Interaction of smoking and metabolic syndrome in increasing the recurrence risk of colorectal cancer in a Chinese male cohort: a retrospective study
Whether smoking and metabolic syndrome (MetS) can affect colorectal carcinoma (CRC) prognosis remains debatable. Therefore, the present study aimed to examine the individual and combined effects of smoking and MetS on the prognosis of patients with localized CRC, including stage I to III disease. The relationship among smoking status, MetS, and CRC was assessed in 838 Chinese male patients. Cox proportional hazards regression analysis was used to evaluate CRC prognosis adjusted for clinicopathological variables. Relative excess risk of interaction (RERI), attributable proportion (AP), and synergy index (SI) were used to evaluate additive interactions between smoking and MetS. The presence of MetS was an independent risk factor for low rates of recurrence-free survival (RFS) but not for overall survival (OS). However, smoking was independently associated with both poor RFS and OS. Furthermore, the recurrence risk for current smokers with MetS was 1.62 times as high as the sum of risks in patients exposed to each risk factor alone. In conclusion, current smoking habit is a risk factor for both recurrence and cancer-specific mortality in CRC patients, while MetS is an independent predictor for CRC recurrence. Furthermore, these two factors have an additive effect on the recurrence risk of CRC.

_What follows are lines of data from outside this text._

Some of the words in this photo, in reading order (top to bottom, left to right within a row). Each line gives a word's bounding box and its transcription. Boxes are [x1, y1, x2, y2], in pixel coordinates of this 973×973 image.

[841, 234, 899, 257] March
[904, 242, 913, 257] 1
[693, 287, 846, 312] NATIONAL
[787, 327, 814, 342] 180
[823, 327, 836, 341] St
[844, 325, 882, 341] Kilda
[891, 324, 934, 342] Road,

As one of the most prevalent cancers in the world, colorectal carcinoma (CRC) has dramatically increased in incidence in Asia over the past few decades1. Additionally, CRC is one of the leading causes of cancer-related death and results in low quality of life in survivors worldwide, including in China2,3. According to a survey in the USA, patients with non-metastatic CRC have five-year survival rates of approximately 69.2–90.1%4. However, these survivors are continuously at risk of recurrence and other long-term sequelae, which may influence survival rates. As revealed by some studies, an appropriate postoperative management can significantly improve prognosis5. Thus, it is critical to identify risk factors related to adverse outcomes in CRC patients and adopt appropriate strategies.

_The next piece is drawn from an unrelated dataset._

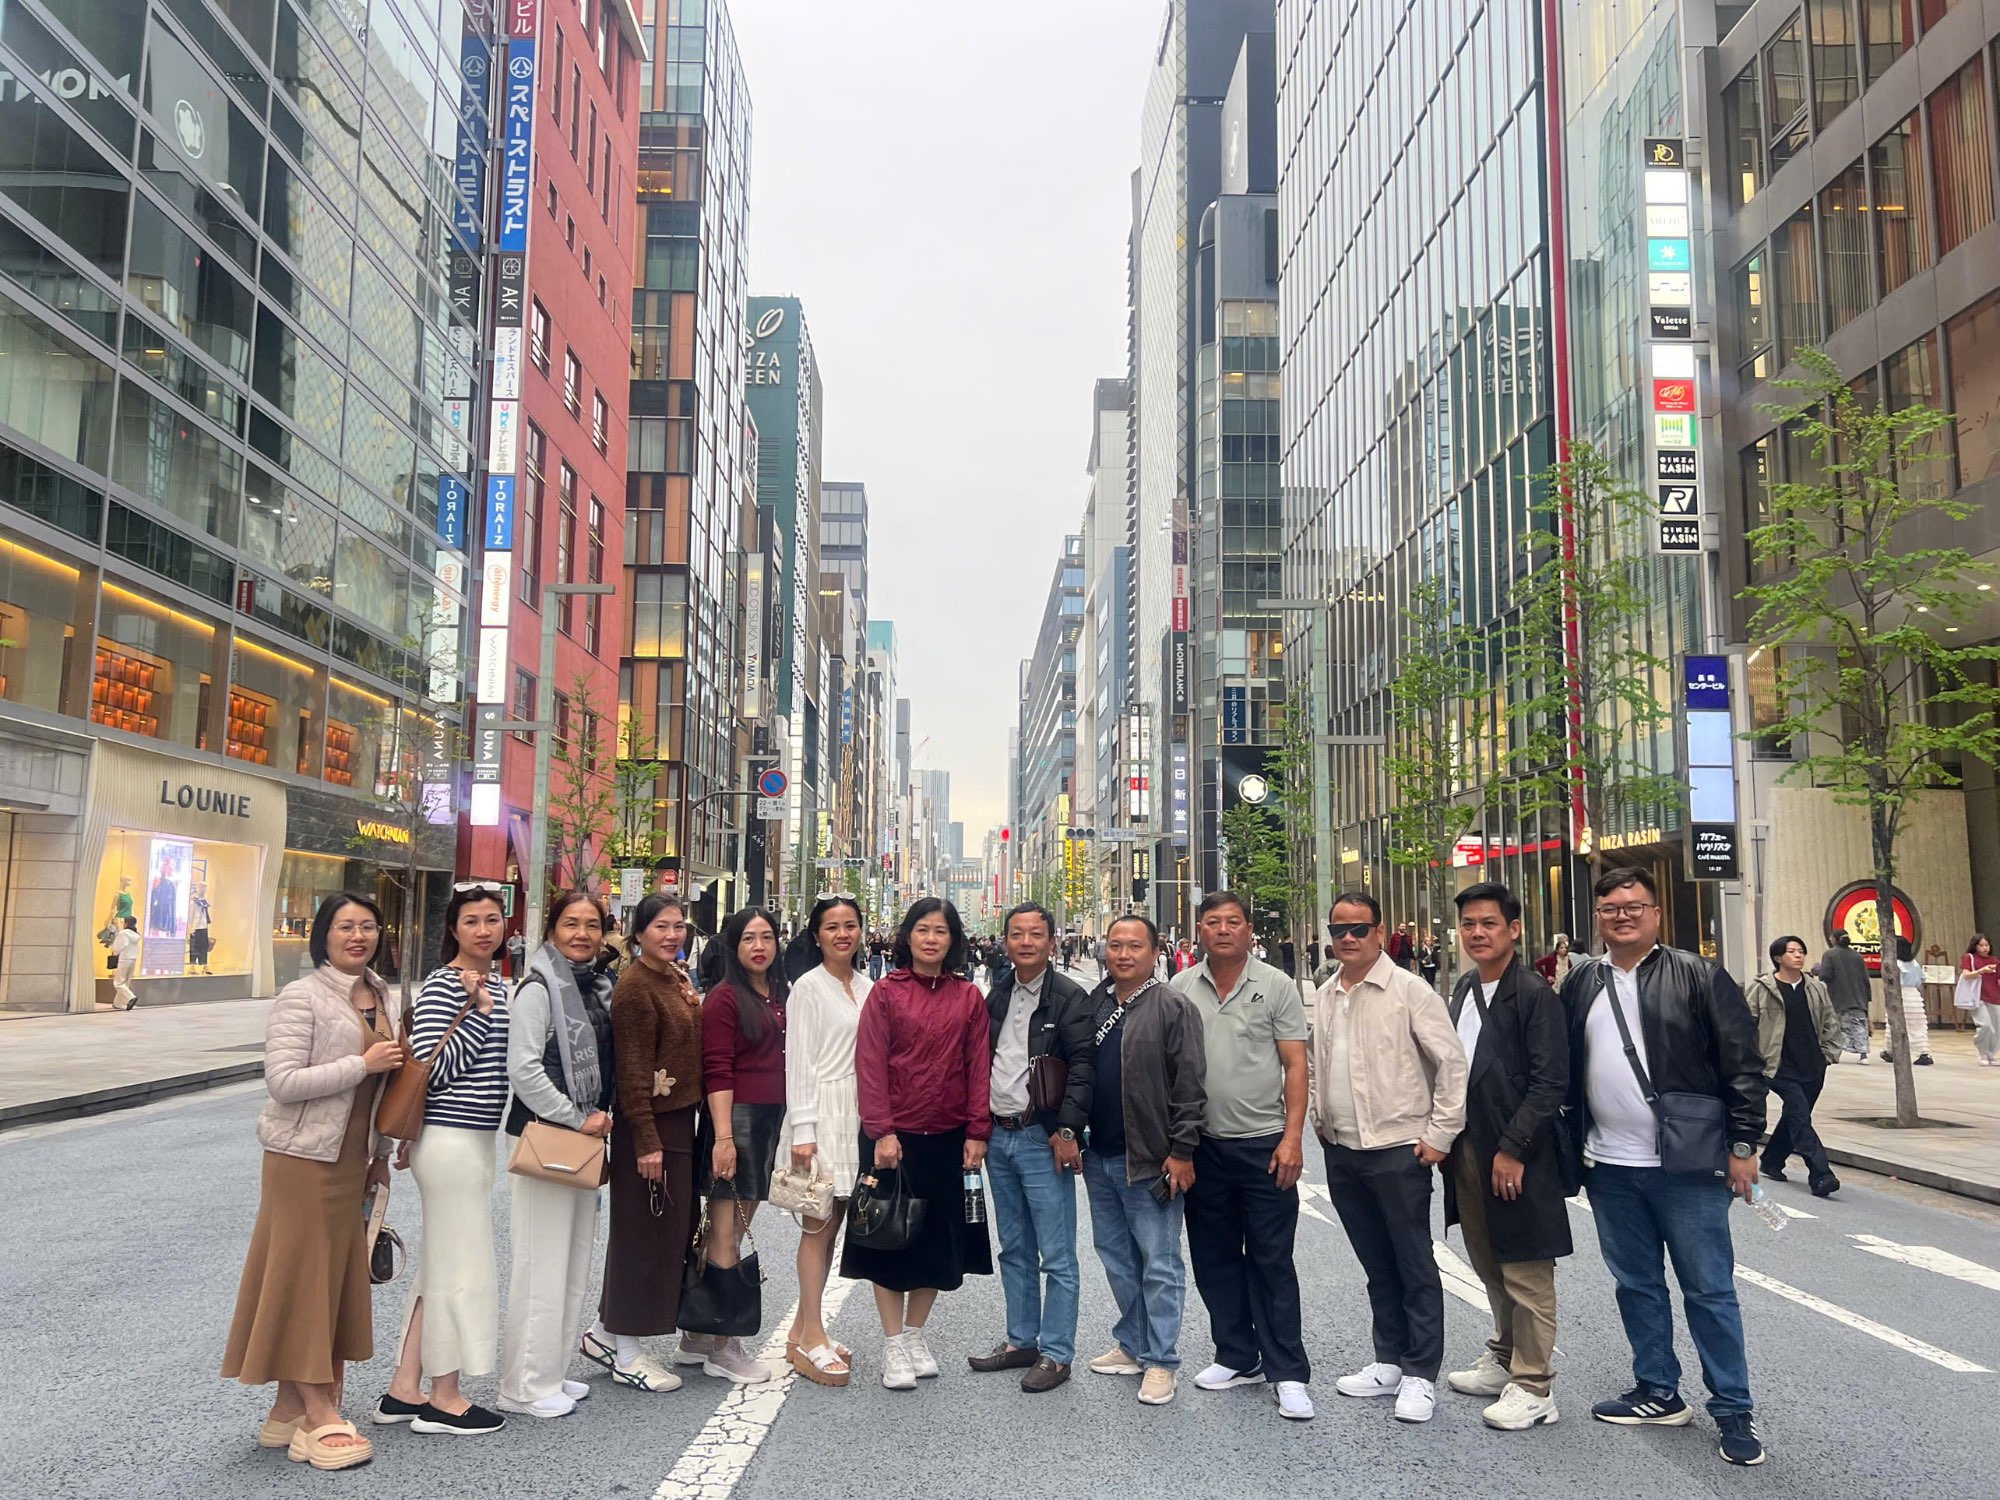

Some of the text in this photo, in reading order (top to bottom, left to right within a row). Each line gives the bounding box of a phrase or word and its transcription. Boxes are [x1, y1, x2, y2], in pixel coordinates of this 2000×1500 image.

In previous studies, smoking has been shown to lead to the development of CRC6,7. As noted by several studies, smoking is significantly related to mortality and recurrence of CRC8,9. Metabolic syndrome (MetS) is a group of diseases consisting of different metabolic derangements (such as central obesity, hypertension, hyperglycemia, and dyslipidemia) with debatable association with CRC. Previous studies have demonstrated that MetS not only increases the risk of developing CRC but also results in poor prognoses10,11. Nonetheless, other studies supported that MetS may has no apparent effect on CRC outcomes12. Although several studies have investigated the association among smoking status, MetS and CRC, no study has concentrated on the combined effect of smoking and MetS on CRC prognosis. Moreover, there are fewer female smokers than are male smokers. Thus, the present study aims to investigate the individual and combined effect of smoking and MetS on CRC prognosis in Chinese male patients to complement this field of research.
General characteristics of the study participants
Among the 838 study subjects, the number of never, former, and current smokers was 320 (38.2%), 431 (51.4%), and 87 (10.4%), respectively. Additionally, the number of subjects with and without MetS was 215 (25.7%) and 623 (74.3%), respectively. Furthermore, the number of never, former, and current smokers without MetS was 254 (30.3%), 306 (36.5%), and 63 (7.5%) respectively, while the number of never, former, and current smokers with MetS were 66 (7.9%), 125 (14.9%) and 24 (2.9%), respectively. Body mass index (BMI), systolic blood pressure (SBP), diastolic blood pressure (DBP), triglycerides (TGs) and fasting glucose levels were significantly higher among participants with MetS with different smoking statuses than in corresponding participants without MetS (Table 1). In addition, current smoker CRC patients with MetS were more likely to develop recurrence that were other CRC patients.
Table 1 Characteristics of participants by Metabolic Syndrome and Smoking Status.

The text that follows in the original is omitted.